SDG Multi-Year Support Analysis

This proposed functionality has not been implemented in Sample Data Generator.


In light of the In The Weeds discussion on 4/23/2021, capturing here some additional documents and thoughts on the state of Sample Data Generator. Please note that these comments were derived from analysis towards the end of 2019 so they may be out-of-date.

This analysis is not intended to be actionable, but perhaps the knowledge may be useful to others. It is primarily written from the context of investigating multi-year support for SDG.

Existing Functionality

The Ed-Fi Sample Data Generator (SDG) produces XML files for bulk import into an ODS.

The SDG generates sample data for a single school year. The tools included with SDG have not been engineered with eventual multiple school year support in mind.

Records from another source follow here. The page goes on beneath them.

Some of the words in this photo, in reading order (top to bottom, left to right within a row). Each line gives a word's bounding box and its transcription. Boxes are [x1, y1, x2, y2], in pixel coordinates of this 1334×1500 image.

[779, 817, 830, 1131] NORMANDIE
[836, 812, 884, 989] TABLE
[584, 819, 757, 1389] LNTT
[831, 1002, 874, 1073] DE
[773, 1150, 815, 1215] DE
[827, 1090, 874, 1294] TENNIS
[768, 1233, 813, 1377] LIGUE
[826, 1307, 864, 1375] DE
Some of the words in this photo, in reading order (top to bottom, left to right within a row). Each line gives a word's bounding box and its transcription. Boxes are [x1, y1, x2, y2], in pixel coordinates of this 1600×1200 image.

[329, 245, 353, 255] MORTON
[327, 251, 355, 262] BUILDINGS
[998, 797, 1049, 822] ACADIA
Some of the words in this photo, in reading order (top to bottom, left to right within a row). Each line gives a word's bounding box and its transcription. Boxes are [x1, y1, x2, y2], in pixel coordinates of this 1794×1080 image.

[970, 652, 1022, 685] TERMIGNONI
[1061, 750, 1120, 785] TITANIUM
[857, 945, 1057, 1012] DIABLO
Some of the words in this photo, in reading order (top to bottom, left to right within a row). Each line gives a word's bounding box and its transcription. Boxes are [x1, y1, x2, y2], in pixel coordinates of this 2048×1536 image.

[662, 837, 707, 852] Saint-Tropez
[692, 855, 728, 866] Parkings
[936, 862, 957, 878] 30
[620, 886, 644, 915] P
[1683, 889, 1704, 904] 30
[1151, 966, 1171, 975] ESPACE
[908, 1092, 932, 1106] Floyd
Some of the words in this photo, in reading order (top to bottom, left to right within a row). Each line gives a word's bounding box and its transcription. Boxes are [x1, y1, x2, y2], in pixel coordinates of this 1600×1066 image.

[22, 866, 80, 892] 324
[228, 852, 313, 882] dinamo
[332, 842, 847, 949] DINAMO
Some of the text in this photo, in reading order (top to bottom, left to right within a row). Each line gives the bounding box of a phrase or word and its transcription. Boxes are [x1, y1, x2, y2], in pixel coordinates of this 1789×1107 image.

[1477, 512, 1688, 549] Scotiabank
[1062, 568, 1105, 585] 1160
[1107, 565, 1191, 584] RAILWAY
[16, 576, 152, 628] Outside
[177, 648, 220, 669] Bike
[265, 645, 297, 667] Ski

At a high level, projects potentially impacted by adding multiple school year support are:

  • EdFi.CalendarGenerator.Console
    • Currently accepts a required school year parameter to generate CalendarDate.csv, GradingPeriod.csv, and Session.csv files.
  • EdFi.MasterScheduleGenerator.Console
    • Currently accepts a required school year parameter to generate CourseOffering.csv and Section.csv files.
  • EdFi.SampleDataGenerator.Core
    • Currently, work with a single global TimeConfig XML element to generate single school year data within the specified start and end dates for a single school year.

SDG incorporates a seed data generation capability, which produces core information about students in files that can be used as input for subsequent executions of SDG. This is useful if your usage scenarios benefit from some stability of information when demo data is rebuilt. For example, your E2E tests may require that a particular student name always exists in the demo data.

Available Sample Data Configurations

The SDG includes two sample school districts:

SampleConfig.xml

  • District Name: Grand Bend ISD
  • Number of Schools: 1

NorthridgeConfig.xml

  • District Name: Northridge ISD
  • Number of Schools: 5

What is confusing is that the populated template that is created by the sandbox generator uses the Grand Bend ISD district, but has three schools associated with it. It appears that this was generated from a configuration that was not included in the SDG download.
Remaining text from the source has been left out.